На миг холодная волна окатила с головой, я дернулся, губы похолодели,
я сам не знаю какие каналы во мне работают, какие нет, потом сообразил, что
спрашивают не обо мне, крикнул:
- Работает!
- Точно?
Я лихорадочно вспоминал по каким каналам Лена щелкала, ответил уже не
так уверенно:
- Показывают все восемь.
- Черт, - донесся его злой голос, - я думал, опять профилактика... Но
не три ж дня подряд? Чертовы бомжи! Сегодня антенну сломали, завтра дом
подожгут... Как думаешь, бомжи?
Он уставился на меня злыми глазами. Я пробормотал вынужденно:
- Или подростки...
- Да тоже не подарки, - согласился он и скрылся в квартире.
Я тоже поспешно отступил, вдвинулся задом обратно в комнату, как
рак-отшельник в скорлупу. Почему-то показалось опасно и беззащитно стоять
вот так открыто.

Странно, но не оставляло ощущение, что за мной следят. Но кто? Вряд ли
я ощутил бы так тревожно связь с Теми, Кто Послал. Они и так видят моими
глазами, слышат моими ушами, а то, что я понял или осознал, становится
мгновенно ясно им тоже. Они перестанут получать от меня информацию, если
меня здесь прибьют. Тогда им придется посылать другого агента...
По спине пробежал неприятный озноб. Что-то не нравится ощущение насчет
прибьют... Почему-то кажется, что я втиснут в это тело так, что если
погибну, то погибну на самом деле.
Я постарался отогнать леденящую мысль подальше. С чего бы я так просто
дал себя прибить? Аборигены как-то живут, а я наверняка наделен особыми
способностями. Я же вижу в какой примитивный мир попал, совсем молодой и
варварский, планета вовсе неосвоенная,
Возможно, меня нарочито не снабдили всеми данными.. Возможно, добытые
ранее данные сбивали предыдущих... исследователей, скажем так, пока я не
определю свою настоящую роль. Может быть, я просто рядовой террорист,
которому поручено что-то взорвать или кого-то убить...
Я прислушался к себе, по телу прошла неприятная дрожь. Нет, убить вряд
ли. Дрожь возникла где-то глубоко внутри, вовсе не на материальном уровне,
а уж потом передалась этому непривычно огромному телу. Скорее всего, у меня
миссия поважнее. И поинтеллектуальнее, так здесь говорят. Для простых
исполнителей подбирают людей... гм, вспомнить бы каков я на самом деле... с
более простыми чувствами.
В висках начала нарастать боль. Сперва тупая, медленно растеклась по
всей голове, а с боков начали стучать острое молоточки, словно кирки,
которыми долбят скалу.
Я стиснул ладонями виски.
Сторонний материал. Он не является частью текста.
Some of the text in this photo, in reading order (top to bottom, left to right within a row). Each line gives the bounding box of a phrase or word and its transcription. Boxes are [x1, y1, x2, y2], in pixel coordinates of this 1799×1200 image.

Под кончиками пальцев дергалось,
пульсировало. С каждом толчком в череп словно забивали острый гвоздь. Я
сжал челюсти, стараясь превозмочь боль, прошептал мысленно: давай сначала.
Итак, я очнулся в этом теле. Без памяти о своем прошлом...
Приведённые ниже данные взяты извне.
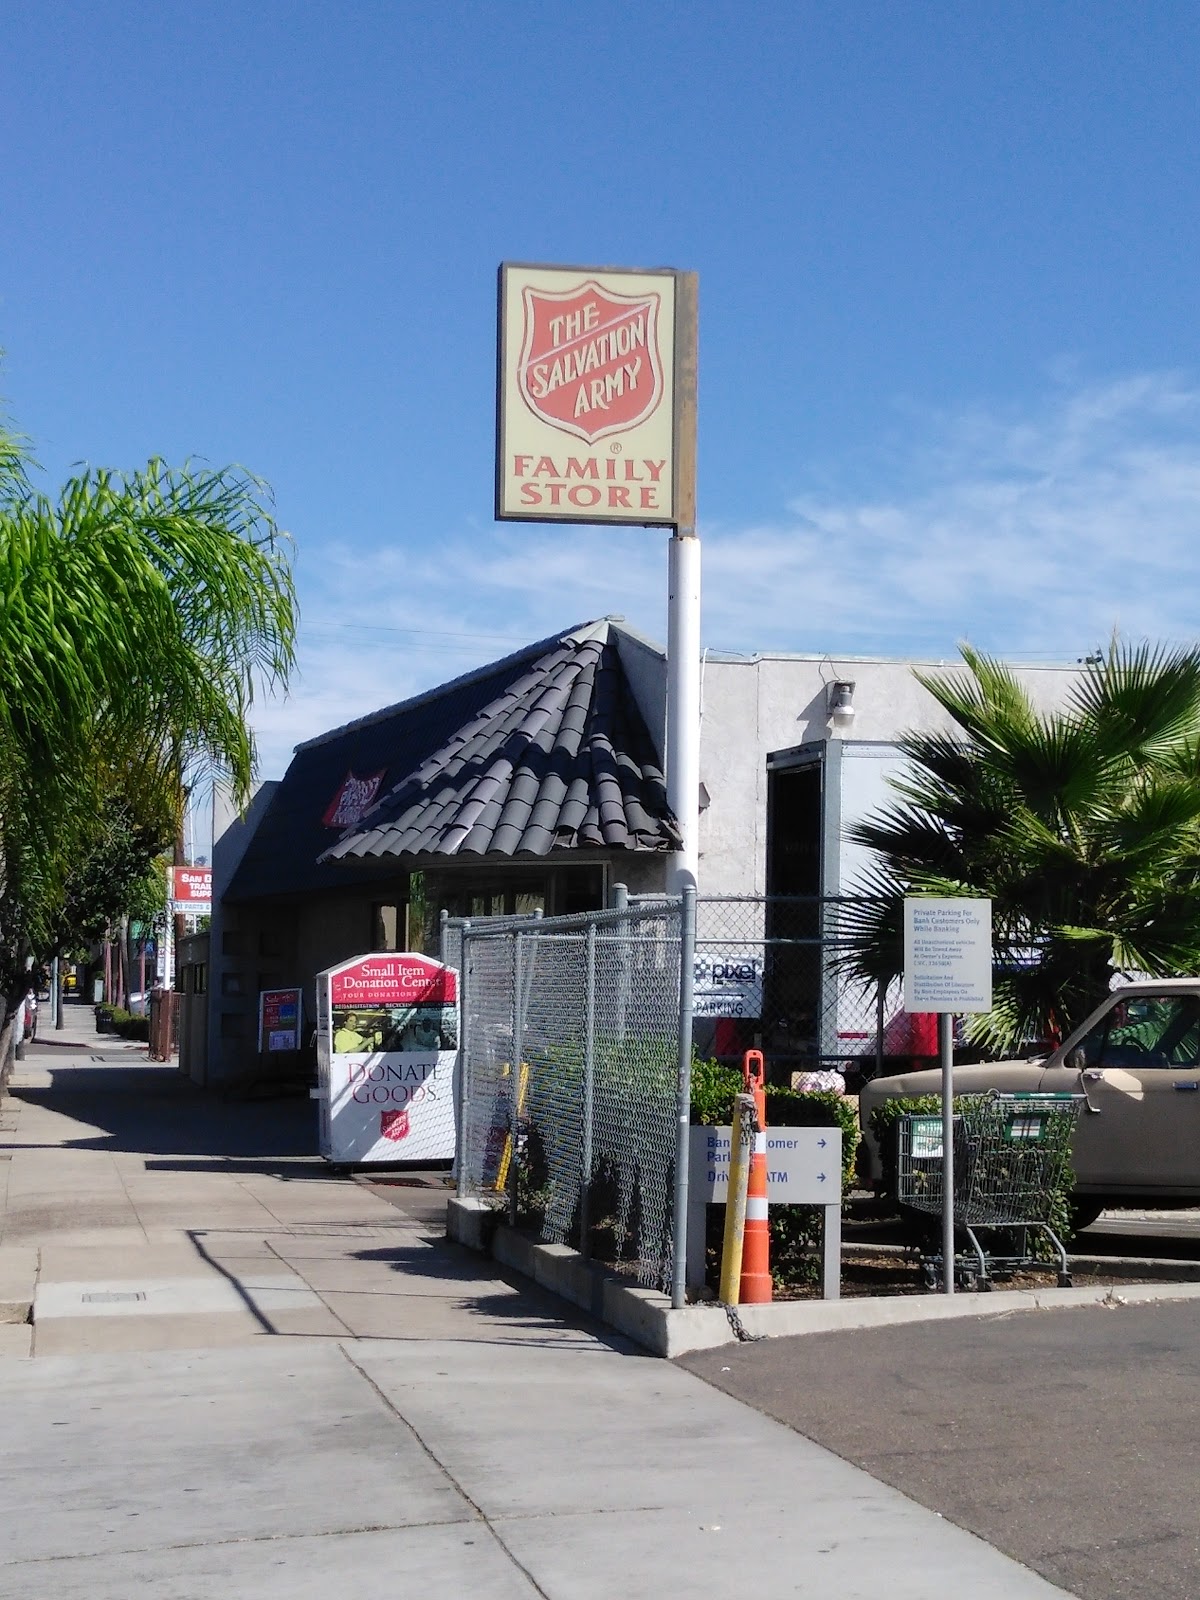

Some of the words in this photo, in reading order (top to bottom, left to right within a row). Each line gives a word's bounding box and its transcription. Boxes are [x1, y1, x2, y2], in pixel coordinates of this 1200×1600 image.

[549, 302, 600, 347] THE
[532, 314, 645, 399] SALVATION
[573, 356, 642, 418] ARMY
[513, 455, 667, 482] FAMILY
[520, 483, 660, 510] STORE
[190, 890, 212, 898] SUPP
[937, 909, 961, 917] Parking
[966, 918, 980, 926] Only
[361, 963, 395, 977] Small
[397, 963, 425, 976] Item
[712, 958, 756, 985] pixel
[343, 976, 399, 989] Donation
[696, 1001, 744, 1015] PARKING
[348, 1062, 442, 1083] DONATE
[707, 1137, 730, 1148] Ban
[766, 1139, 799, 1148] omer
Резко зазвенело. Вздрогнув, я панически огляделся, не сразу сообразил,
что это так называемый телефонный аппарат. Трубка едва не подскакивала,
вдобавок мигал зеленый огонек.
Я не стал бы снимать трубку, но мой разумоноситель, действуя на
заученных рефлексах, протянул длинную руку с редким волосяным покровом по
всей коже, звериные пальцы цапнули, сняли. Мелькнуло черное, я ощутил как к
уху прижалась прохладная пластмасса.
Голос разумоносителя произнес:
- Алло?
- Это Конопатый? - спросил уверенный мужской голос. Не дожидаясь
ответа, сразу же потребовал: - Позови Протасова, да побыстрее!
Я спросил осевшим голосом:
- Вы куда звоните?
- В прачечную, куда ж еще? - удивился голос. В нем появилось
раздражение. - И пусть пошевелится!
Я проговорил с сильно бьющимся сердцем:
- Вот в прачечную и звоните.
Опустил трубку в ее ложе, там такие рычажки, они прерывают при
надавливании связь, но сердце еще некоторое время колотилось учащенно, а в
голове метались горячечные суматошные мысли.
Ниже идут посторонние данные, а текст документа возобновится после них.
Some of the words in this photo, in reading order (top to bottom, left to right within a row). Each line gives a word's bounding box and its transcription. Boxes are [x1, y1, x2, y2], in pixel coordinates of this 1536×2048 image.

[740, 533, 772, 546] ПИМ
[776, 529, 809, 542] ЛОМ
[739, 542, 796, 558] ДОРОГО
Черт, этот мир дик и нестроен, а я, видимо, сохранил ту
чувствительность... или хотя бы часть ее, что присуща Мне, потому даже
пальцы вон дрожат будто кур крал. Но все-таки насколько этот мир дик! Даже
такая грубая и упрощенная связь не в состоянии правильно найти абонента...

Или было что-то другое?

Ноги сами понесли в ванную комнату. С этим зеркалом связана какая-то
магия. Из глубины на меня почти враждебно взглянуло знакомое, но и чем-то
чужое лицо. Словно с того момента, как я осознал, что всажен в это тело...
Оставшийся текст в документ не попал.